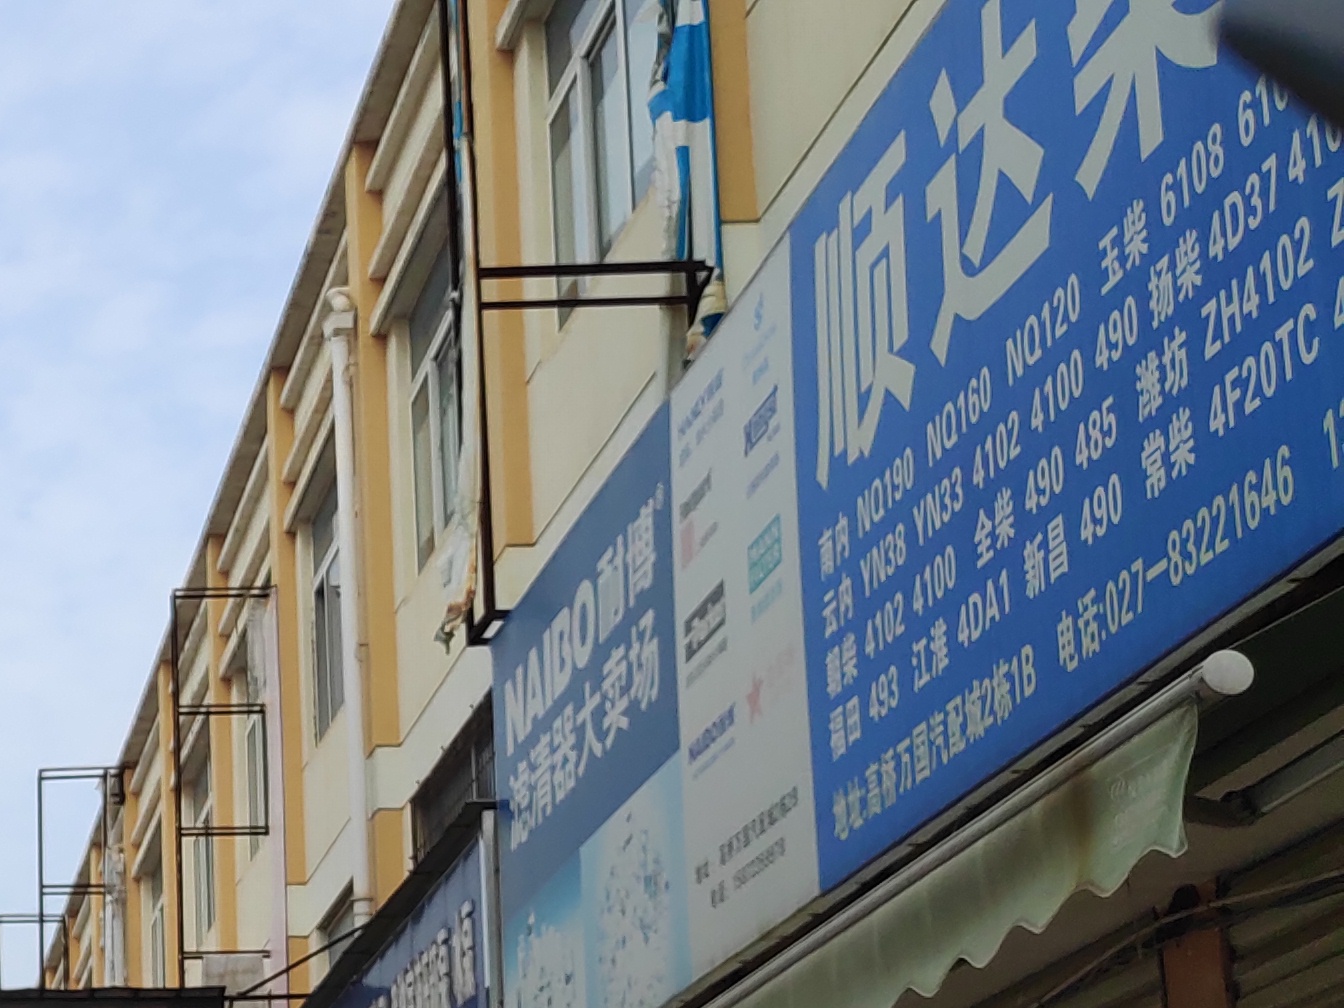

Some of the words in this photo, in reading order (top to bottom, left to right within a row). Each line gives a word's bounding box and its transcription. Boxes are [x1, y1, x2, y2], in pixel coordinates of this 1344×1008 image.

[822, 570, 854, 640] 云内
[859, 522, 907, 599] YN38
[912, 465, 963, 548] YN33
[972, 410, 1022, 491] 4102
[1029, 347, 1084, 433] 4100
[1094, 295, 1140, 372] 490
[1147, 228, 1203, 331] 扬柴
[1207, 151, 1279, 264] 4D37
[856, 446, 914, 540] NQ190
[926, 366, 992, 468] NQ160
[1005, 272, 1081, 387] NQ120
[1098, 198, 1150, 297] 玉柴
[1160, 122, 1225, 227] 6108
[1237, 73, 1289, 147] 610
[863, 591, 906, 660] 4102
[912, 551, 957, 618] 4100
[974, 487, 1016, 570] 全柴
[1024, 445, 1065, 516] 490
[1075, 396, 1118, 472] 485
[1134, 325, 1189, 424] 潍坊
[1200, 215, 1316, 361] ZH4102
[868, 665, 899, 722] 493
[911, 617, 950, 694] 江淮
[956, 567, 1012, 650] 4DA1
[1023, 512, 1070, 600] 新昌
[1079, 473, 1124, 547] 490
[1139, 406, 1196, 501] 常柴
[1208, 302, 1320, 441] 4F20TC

──────

* _EXERCISE INSTRUCTIONS_:
Set down every entry above verbatim, without pictures.

* _SOLUTION TO THE EXERCISE_:
Some of the words in this photo, in reading order (top to bottom, left to right within a row). Each line gives a word's bounding box and its transcription. Boxes are [x1, y1, x2, y2], in pixel coordinates of this 1344×1008 image.

[822, 570, 854, 640] 云内
[859, 522, 907, 599] YN38
[912, 465, 963, 548] YN33
[972, 410, 1022, 491] 4102
[1029, 347, 1084, 433] 4100
[1094, 295, 1140, 372] 490
[1147, 228, 1203, 331] 扬柴
[1207, 151, 1279, 264] 4D37
[856, 446, 914, 540] NQ190
[926, 366, 992, 468] NQ160
[1005, 272, 1081, 387] NQ120
[1098, 198, 1150, 297] 玉柴
[1160, 122, 1225, 227] 6108
[1237, 73, 1289, 147] 610
[863, 591, 906, 660] 4102
[912, 551, 957, 618] 4100
[974, 487, 1016, 570] 全柴
[1024, 445, 1065, 516] 490
[1075, 396, 1118, 472] 485
[1134, 325, 1189, 424] 潍坊
[1200, 215, 1316, 361] ZH4102
[868, 665, 899, 722] 493
[911, 617, 950, 694] 江淮
[956, 567, 1012, 650] 4DA1
[1023, 512, 1070, 600] 新昌
[1079, 473, 1124, 547] 490
[1139, 406, 1196, 501] 常柴
[1208, 302, 1320, 441] 4F20TC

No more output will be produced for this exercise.